Pronounced /pəˌrɪstəˈrɒnɪk/Help with pronunciation

Pigeon-fancying — to which this word refers — was especially strong in England in the nineteenth century, with great skill expended in breeding new varieties for show. Charles Darwin became a fancier in 1855 to study variation within species as part of his research which became On the Origin of Species.

Like other bodies of the period, pigeon-fanciers’ societies looked to the classical languages for suitably distinguished titles. At the time Darwin became involved, a London one was grandly called the Philoperisteron Society. Philo- means a lover of something, from Greek philos, loving; peristeron was invented by a learned founder, which he took from Greek peristera for a wild pigeon or dove. The organisation changed its name in 1867 to the National Peristeronic Society (which still exists), in which peristeronic was another invented word, an adjective with the sense “relating to or concerned with pigeons”. The change of name should not be taken as meaning that the members of the society had ceased loving their pigeons.

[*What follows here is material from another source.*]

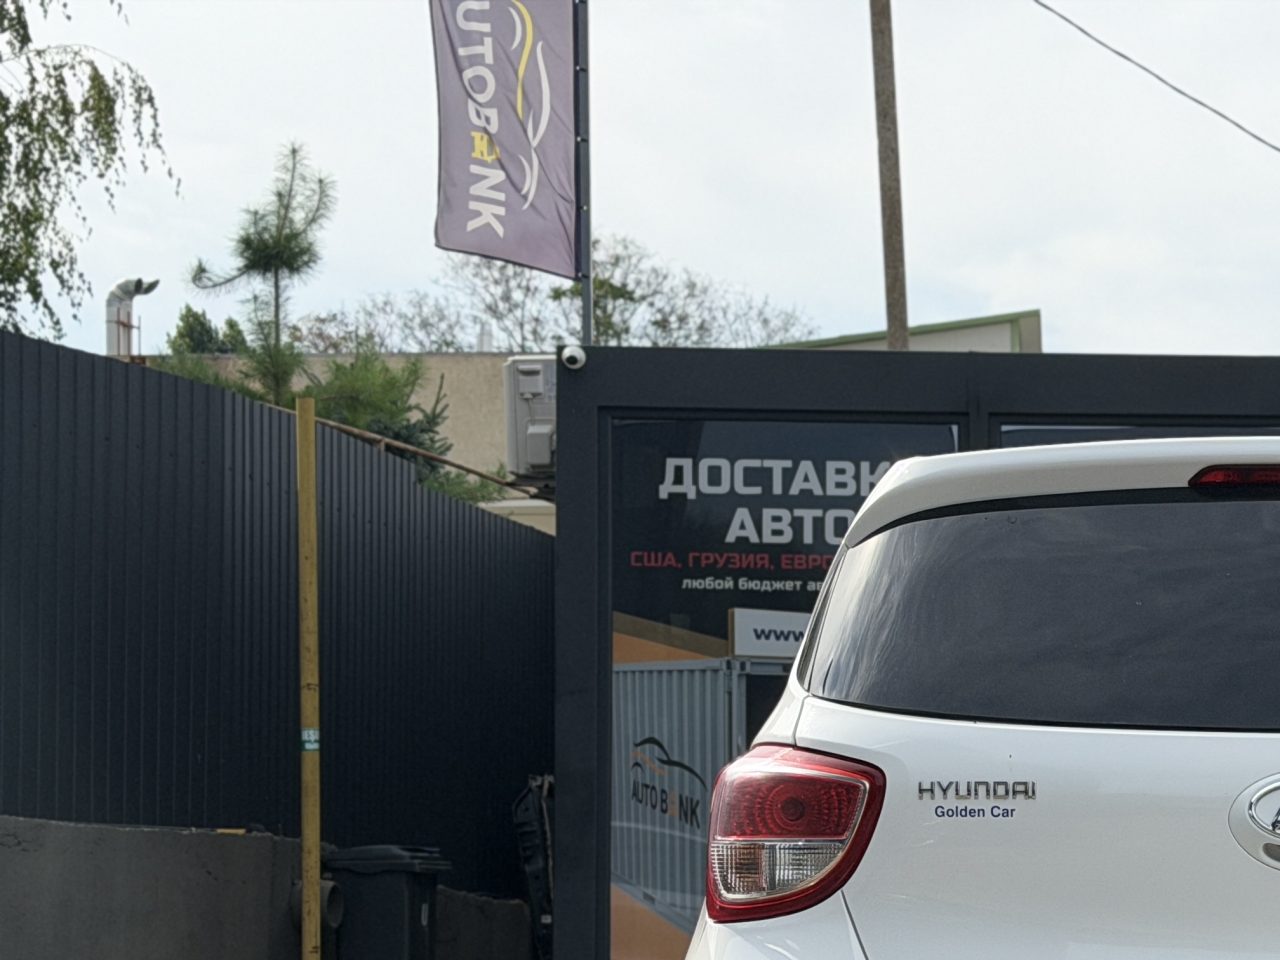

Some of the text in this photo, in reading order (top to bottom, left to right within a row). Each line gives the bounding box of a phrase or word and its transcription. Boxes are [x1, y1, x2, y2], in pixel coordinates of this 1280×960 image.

Another organisation of the time was the Columbarian Society, whose name is from Latin columbarius, a keeper of doves. The related columbarium could mean a dovecote or pigeon loft, but it now refers to a place in a crematorium where urns holding a deceased’s cremated remains are stored; the connection is that the niches for the urns in a columbarium reminded people of roosting holes in a dovecote. Several societies retain columbarian in their names, including the National Columbarian Society in the USA.

[Thanks to Richard Thomas for telling me about peristeronic.]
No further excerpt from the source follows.